Áyax.— ¡Oh Júpiter, padre de mis ascendientes!, ¿cómo podré matar a ese astuto zorro, odiosa escoria, y a los dos reyes, y morir yo en seguida?

Tecmesa.— Si eso deseas, pide que yo también muera contigo. ¿Qué me importa la vida, muerto tu?
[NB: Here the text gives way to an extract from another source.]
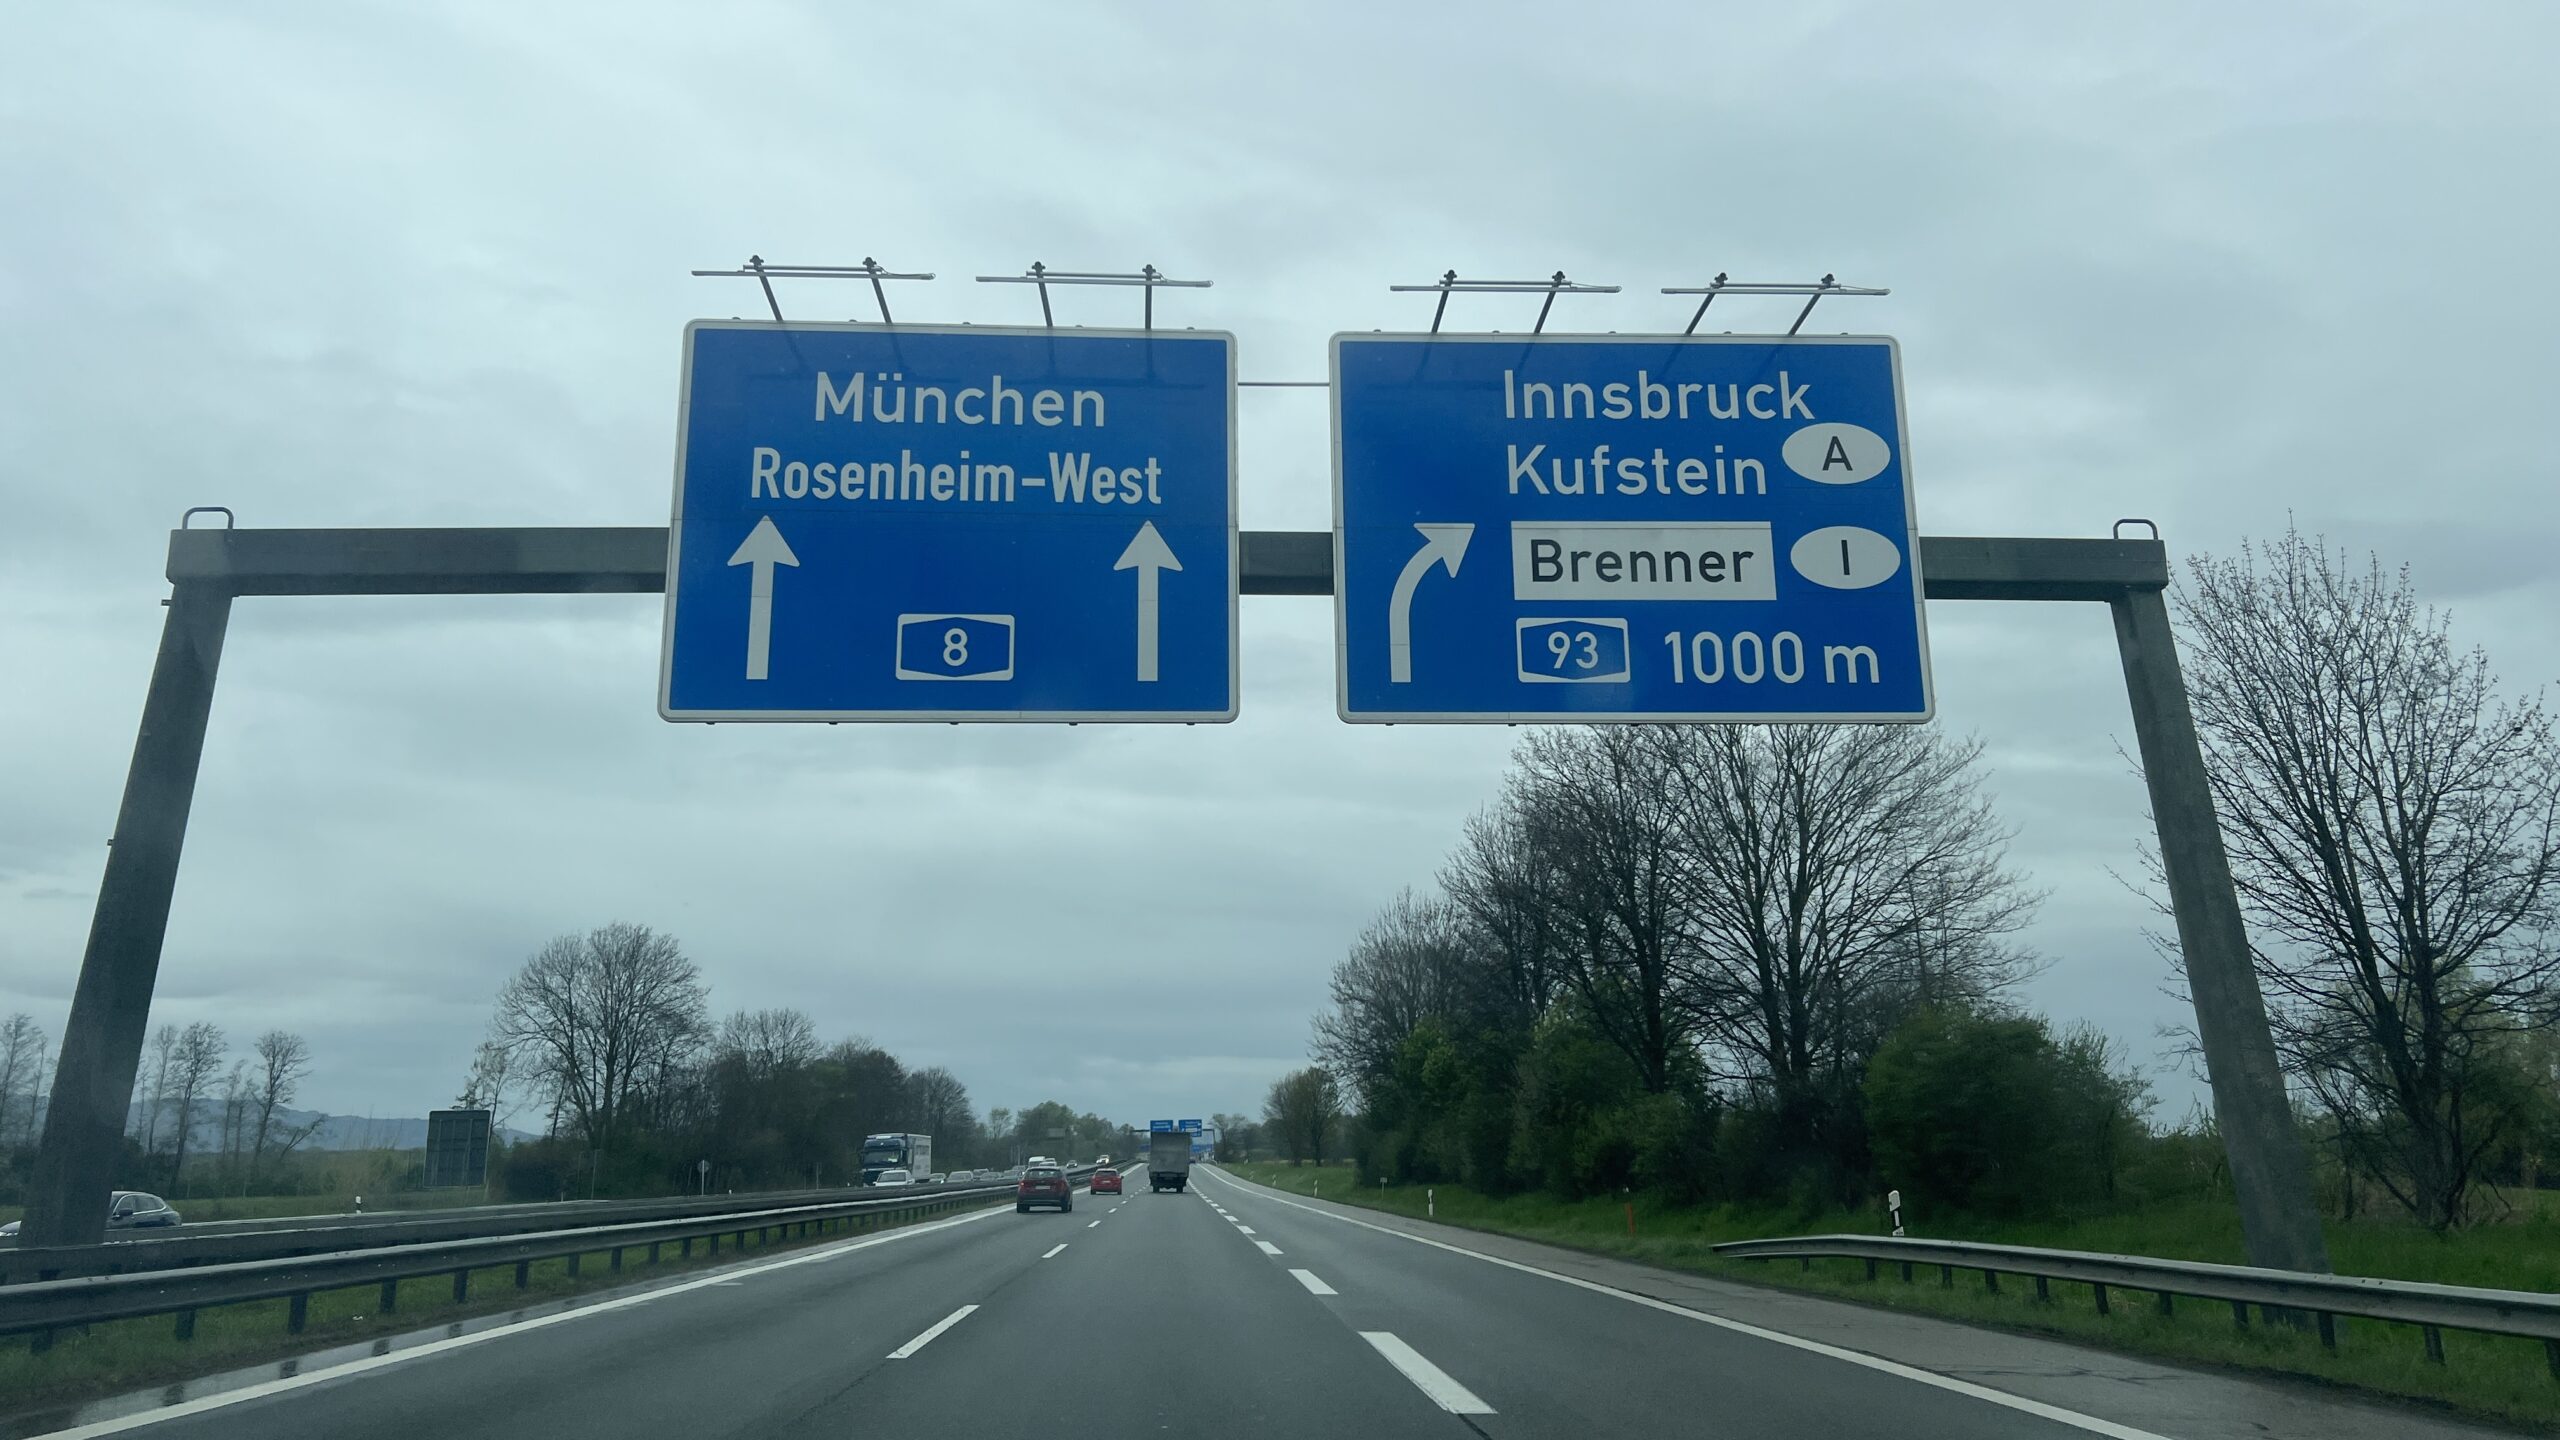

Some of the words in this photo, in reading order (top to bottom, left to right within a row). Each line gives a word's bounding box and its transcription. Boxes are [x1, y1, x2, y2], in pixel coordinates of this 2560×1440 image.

Áyax.— ¡Oh abismo, que eres mi luz! ¡Oh resplandecientes tinieblas del infierno! ¡Ojalá me tuvieseis ya habitando entre vosotras! ¡Ojalá me tuvieseis, ojalá! Pues ni de los dioses ni de los mortales hombres, soy ya digno de esperar ningún auxilio. La potente hija de Júpiter me afrenta de la manera más ignominiosa. ¿Dónde podré refugiarme? ¿Adónde que vaya encontraré reposo? Porque si me falta la consideración de los amigos, objeto de mis respetos, y en insensata cacería me he metido, todo el ejército lanzándose sobre mi con insultos y con dardos, me matará.

Tecmesa.— ¡Ay, infeliz de mi! ¡Que un hombre tan valiente diga tales cosas, que antes nunca jamás habría tolerado!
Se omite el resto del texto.